The result should be the full listing copied exactly, with no pictures in it.
^^^^^^^^^^^^^^^^
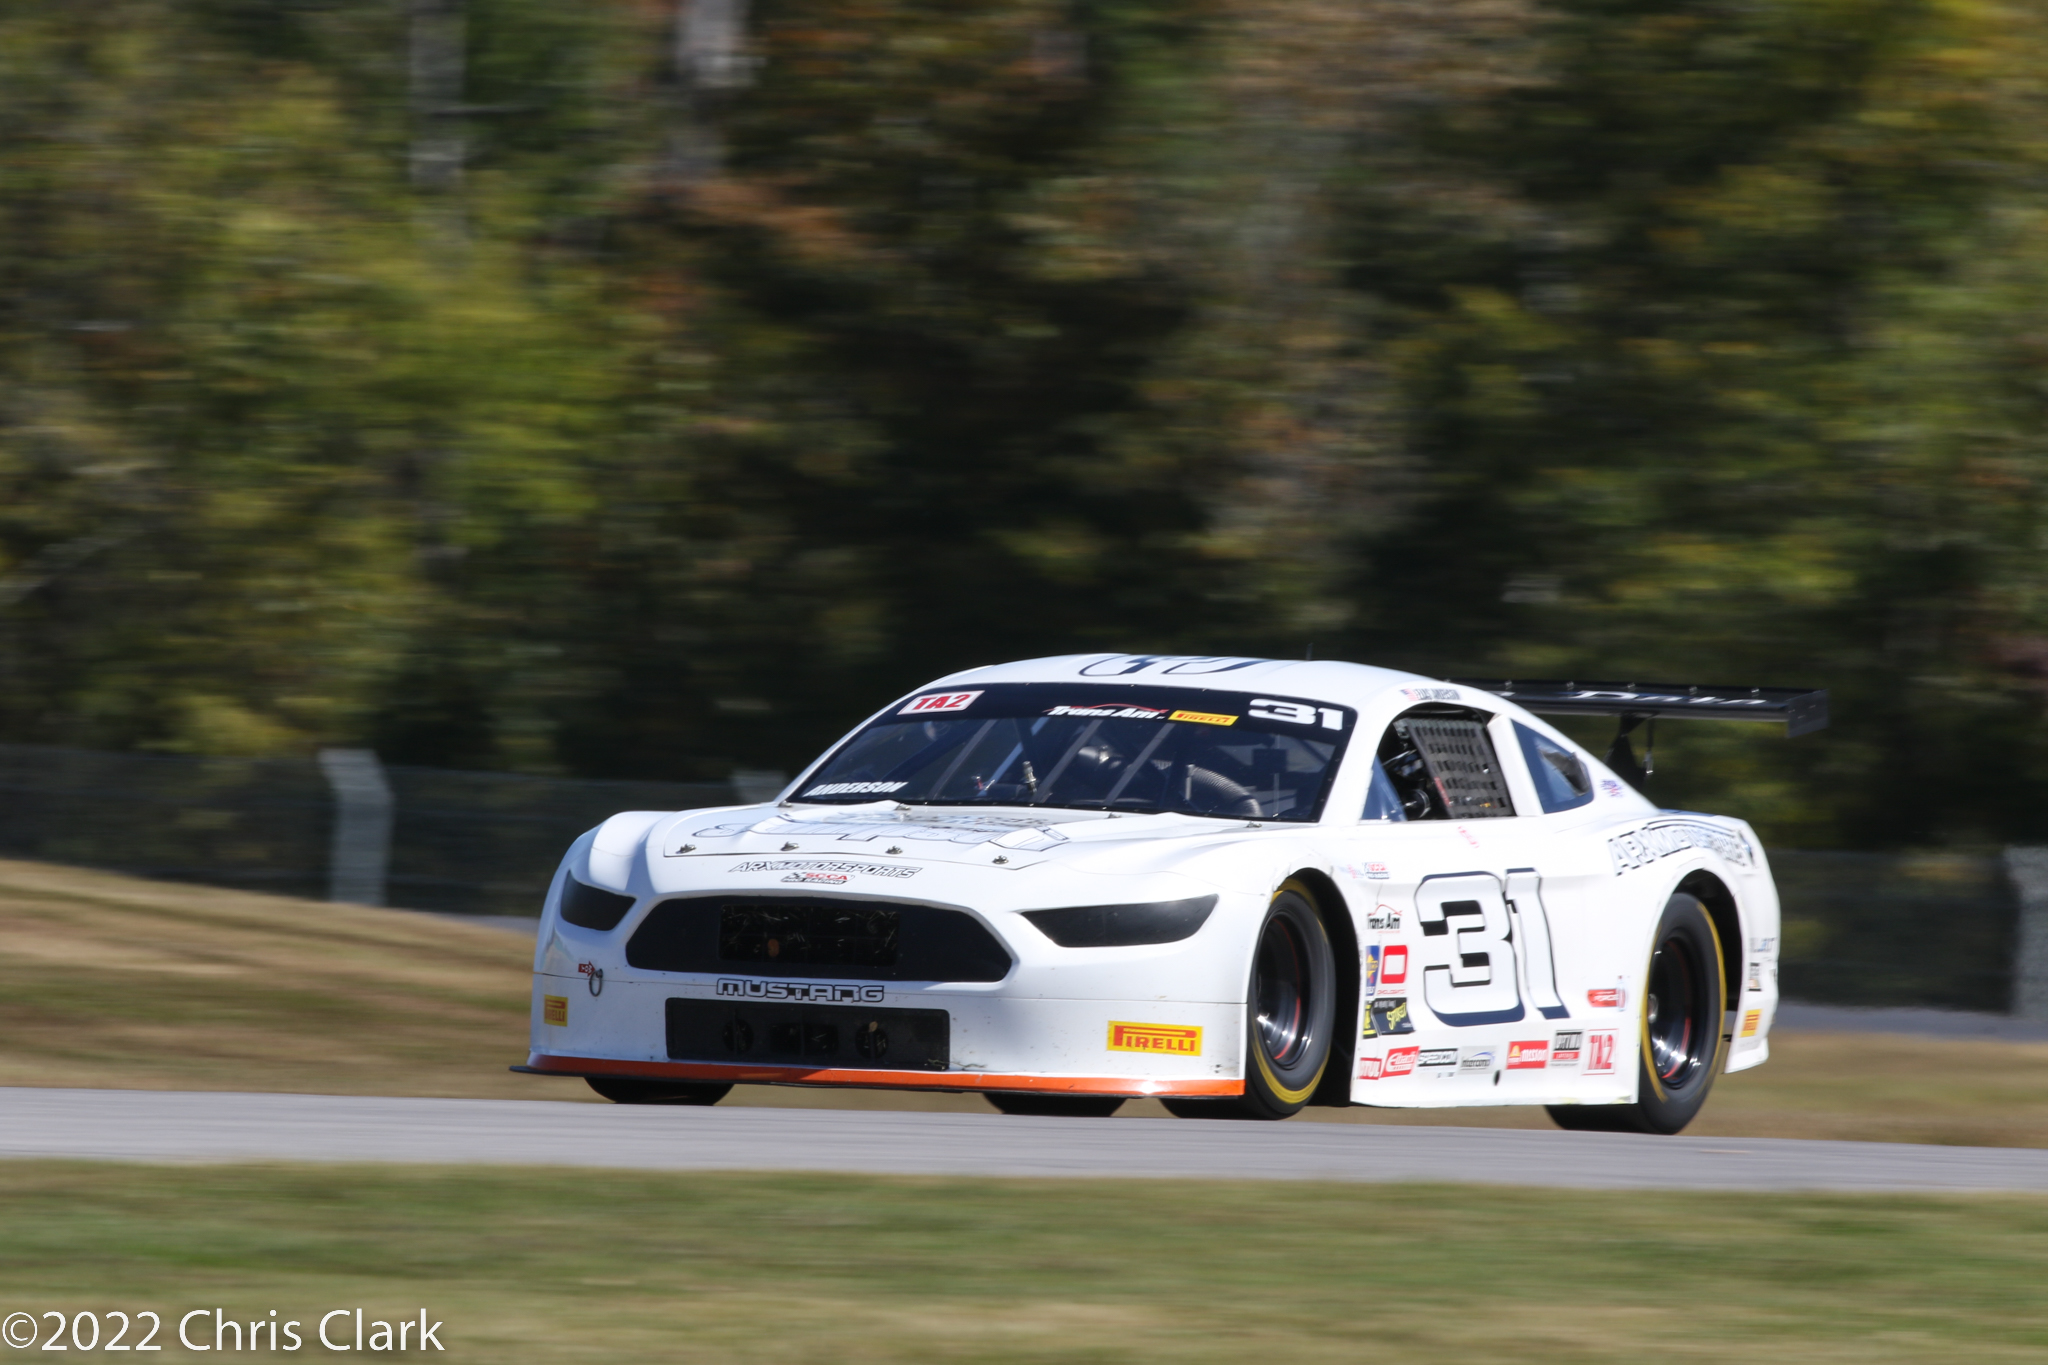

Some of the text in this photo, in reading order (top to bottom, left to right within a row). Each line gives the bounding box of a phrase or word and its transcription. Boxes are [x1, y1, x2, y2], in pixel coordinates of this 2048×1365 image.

[912, 694, 971, 710] TA2
[1047, 705, 1161, 719] Trans Am
[1175, 713, 1231, 724] PIRELLI
[1248, 698, 1343, 731] 31
[802, 781, 909, 797] ANDERSON
[805, 872, 848, 881] SCCA
[1414, 867, 1571, 1028] 31
[716, 977, 885, 1003] MUSTANG
[1113, 1025, 1197, 1052] PIRELLI
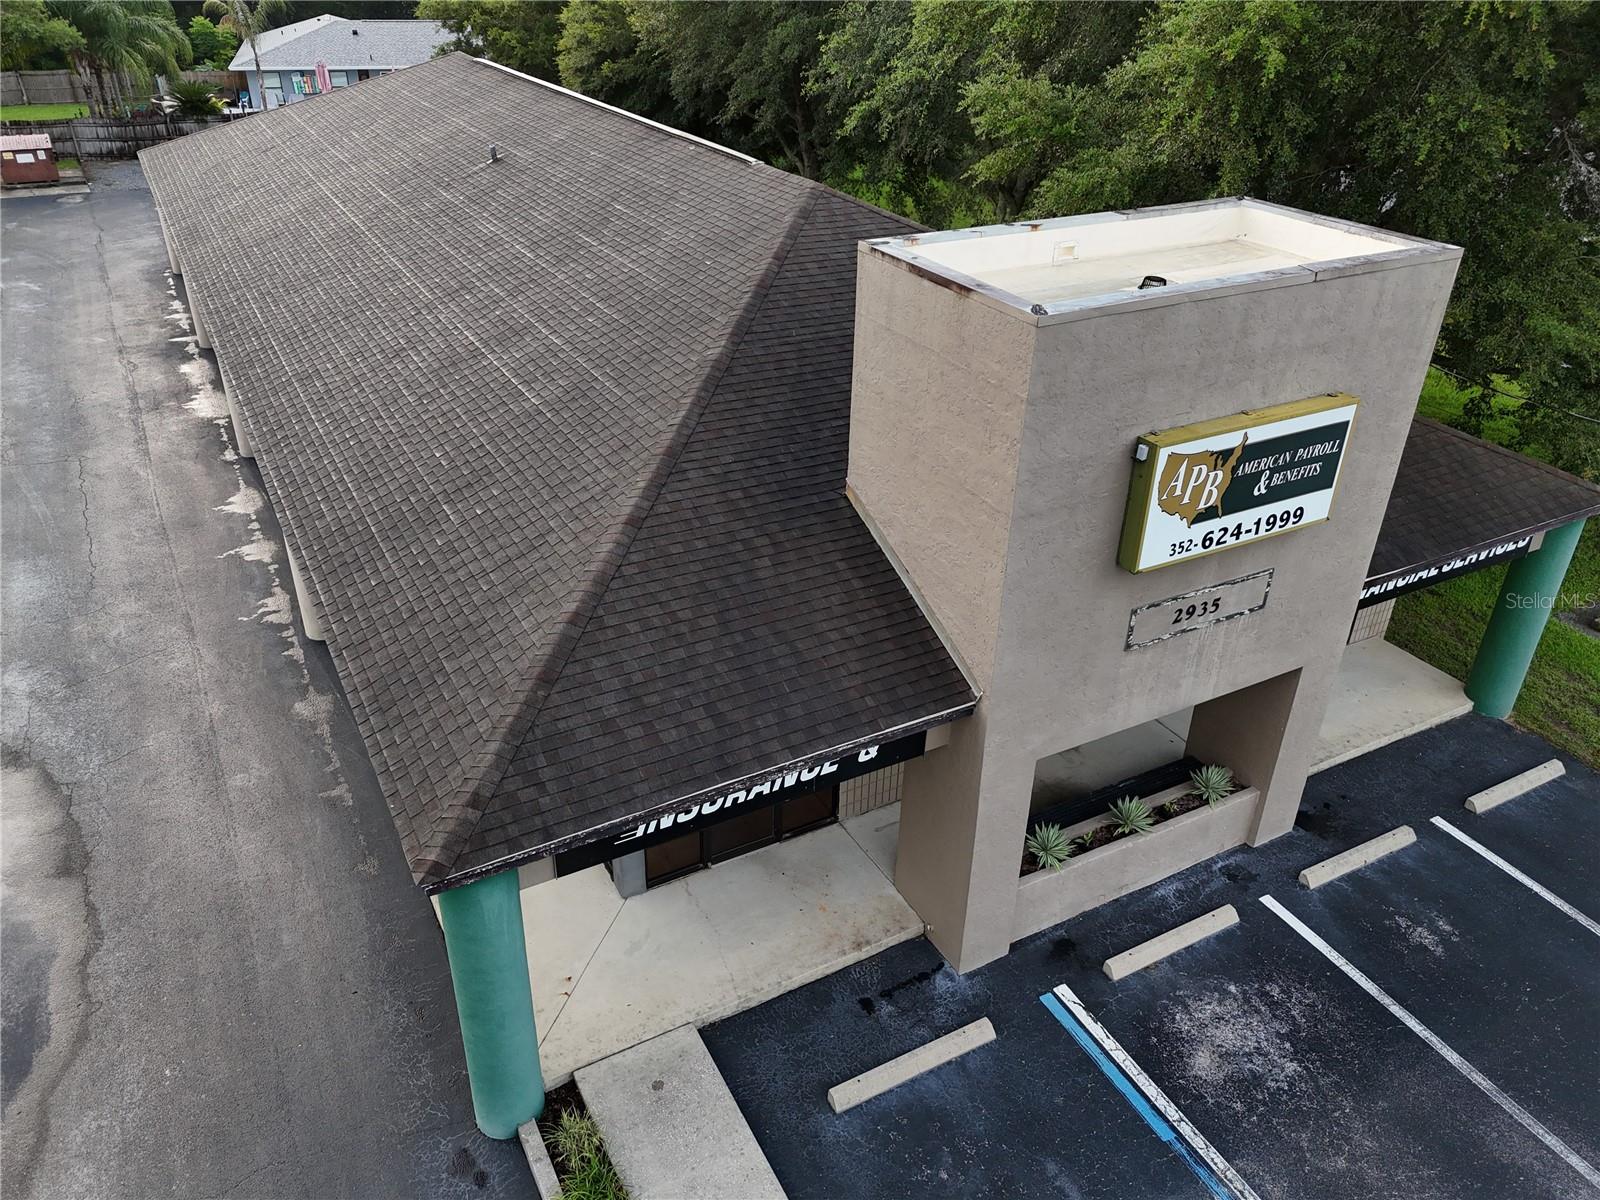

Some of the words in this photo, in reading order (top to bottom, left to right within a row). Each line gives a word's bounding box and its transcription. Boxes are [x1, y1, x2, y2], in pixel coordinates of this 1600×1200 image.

[1234, 450, 1293, 478] AMERICAN
[1294, 439, 1340, 462] PAYROLL
[1161, 457, 1224, 510] APB
[1253, 469, 1271, 496] &
[1270, 461, 1323, 487] BENEFITS
[1172, 597, 1222, 625] 2935
^^^^^^^^^^^^^^^^
Answer box:
Some of the text in this photo, in reading order (top to bottom, left to right within a row). Each line gives the bounding box of a phrase or word and its transcription. Boxes are [x1, y1, x2, y2], in pixel coordinates of this 2048×1365 image.

[912, 694, 971, 710] TA2
[1047, 705, 1161, 719] Trans Am
[1175, 713, 1231, 724] PIRELLI
[1248, 698, 1343, 731] 31
[802, 781, 909, 797] ANDERSON
[805, 872, 848, 881] SCCA
[1414, 867, 1571, 1028] 31
[716, 977, 885, 1003] MUSTANG
[1113, 1025, 1197, 1052] PIRELLI

Some of the words in this photo, in reading order (top to bottom, left to right within a row). Each line gives a word's bounding box and its transcription. Boxes are [x1, y1, x2, y2], in pixel coordinates of this 1600×1200 image.

[1234, 450, 1293, 478] AMERICAN
[1294, 439, 1340, 462] PAYROLL
[1161, 457, 1224, 510] APB
[1253, 469, 1271, 496] &
[1270, 461, 1323, 487] BENEFITS
[1172, 597, 1222, 625] 2935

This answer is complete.